Everyone is a math person. That's the message from an online course developed by a Stanford University professor that teaches kids how to be more comfortable with math. The best part, though, is that being more at ease with mathematical thinking improves performance — the course raised the math test scores of California middle school students who took it by about 20 percent on average.

Attitudes toward mathematics are often loaded down with negative stereotypes. Students can see math as both boring and intimidating at the same time. Many adults feel this way, too.

Being more at ease with mathematical thinking results in improved performance.

The randomized controlled study involved 439 students who took a MOOC — a “massive, open, online course” designed to challenge their assumptions both about math in general and their own mathematical potential and to encourage a growth mindset, seeing their intelligence as a muscle that gets stronger with use. In other words, no matter how much trouble a person has had with math in the past, they can get better at it.

The course teaches students to see mistakes and difficulties as opportunities for brain growth and to realize that thinking more deeply about a problem is more important than solving it quickly. The course relies much more on visual tools than most math classes do, taking the position that every mathematical concept can be represented visually. And it teaches kids that math isn't just important in school; it's found in areas of life where people tend not to notice it, like dancing, juggling and soccer.
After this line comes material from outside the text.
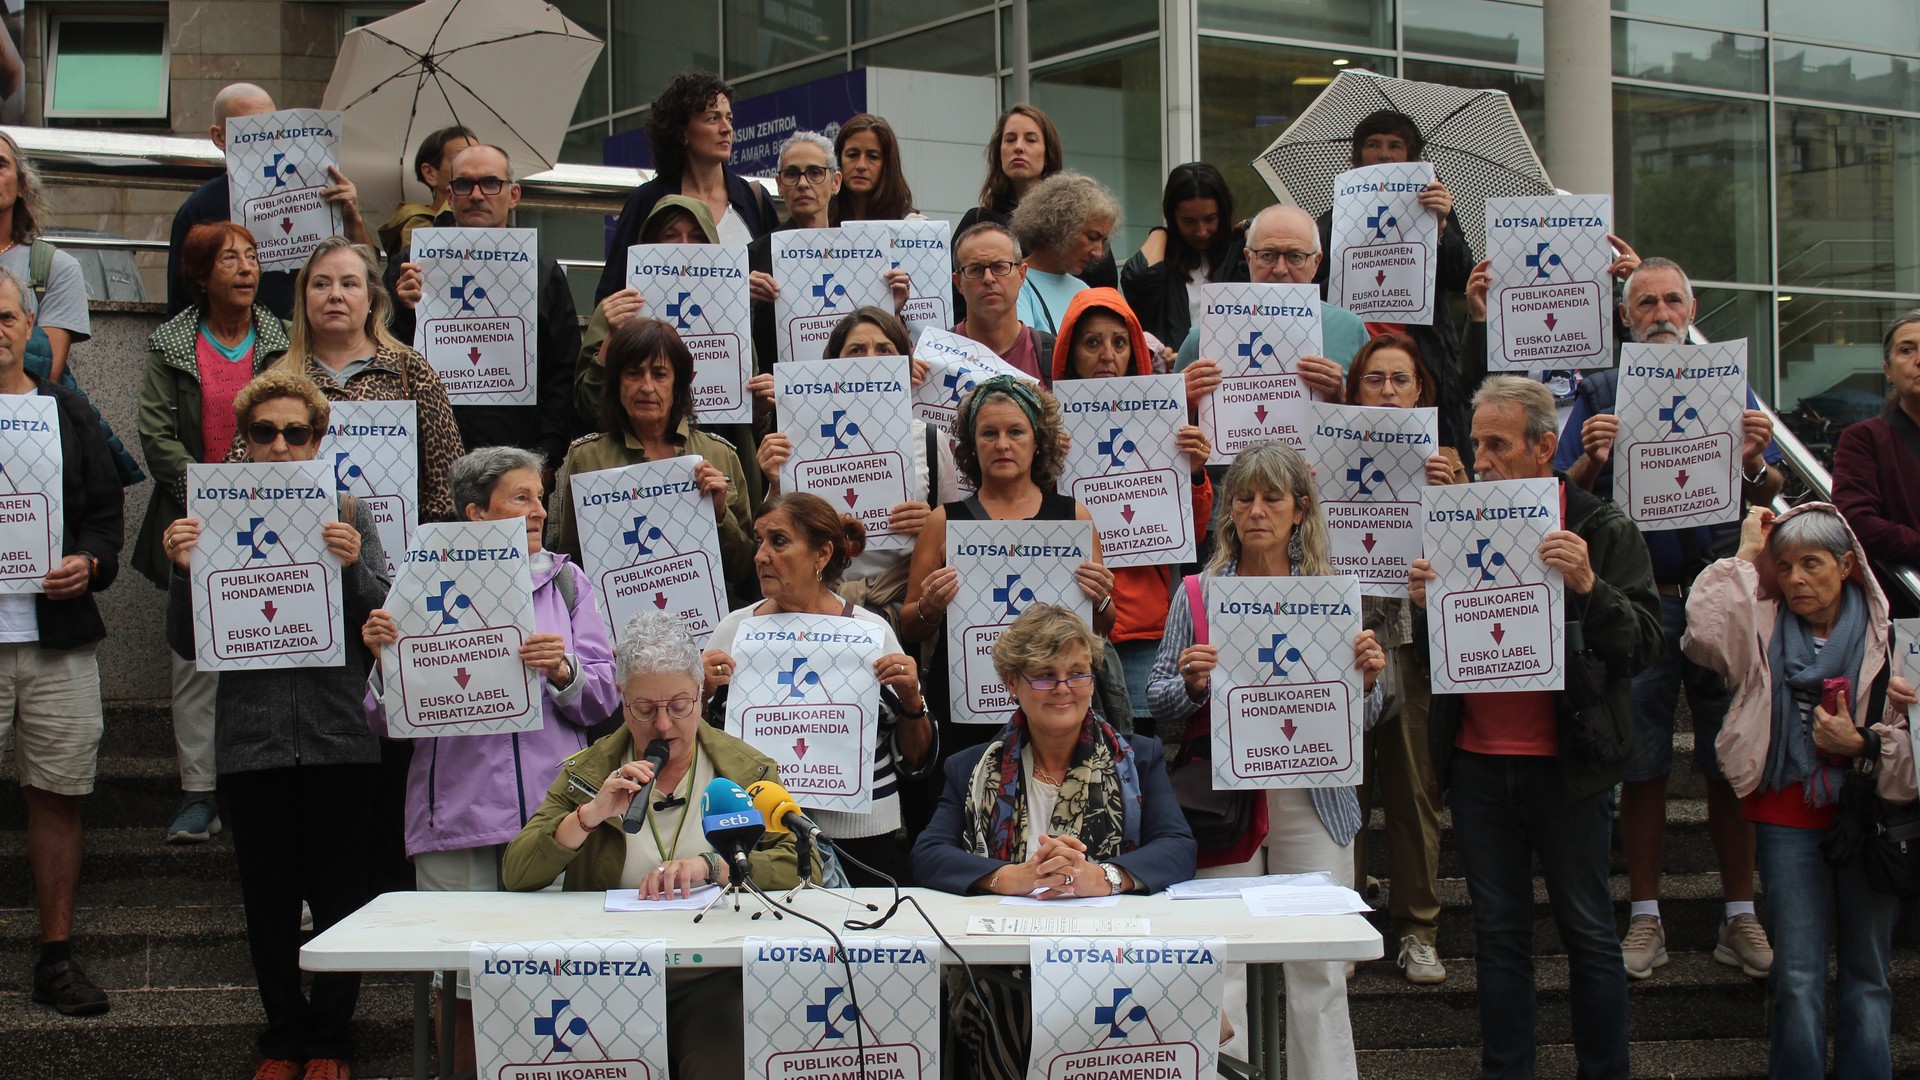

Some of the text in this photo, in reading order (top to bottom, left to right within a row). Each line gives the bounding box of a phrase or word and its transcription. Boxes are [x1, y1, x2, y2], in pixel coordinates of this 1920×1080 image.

The average student who took the course increased his or her math score on a statewide math test (SBAC) by 0.33 standard deviations. This means that a student whose test score would normally be exactly in the middle of the pack would, on average, score higher than 63 percent of the students if they took the course, an improvement of 13 percentage points. Students in the control group couldn't take the course during the study, but they were able to take it afterwards.

You can get more information on the free class, called “How to Learn Math,” and register for it, at youcubed.org. The entire program runs about 90 minutes and is for learners at all levels of mathematics, meaning that it's not just for schoolchildren.

The study appears in Frontiers in Education.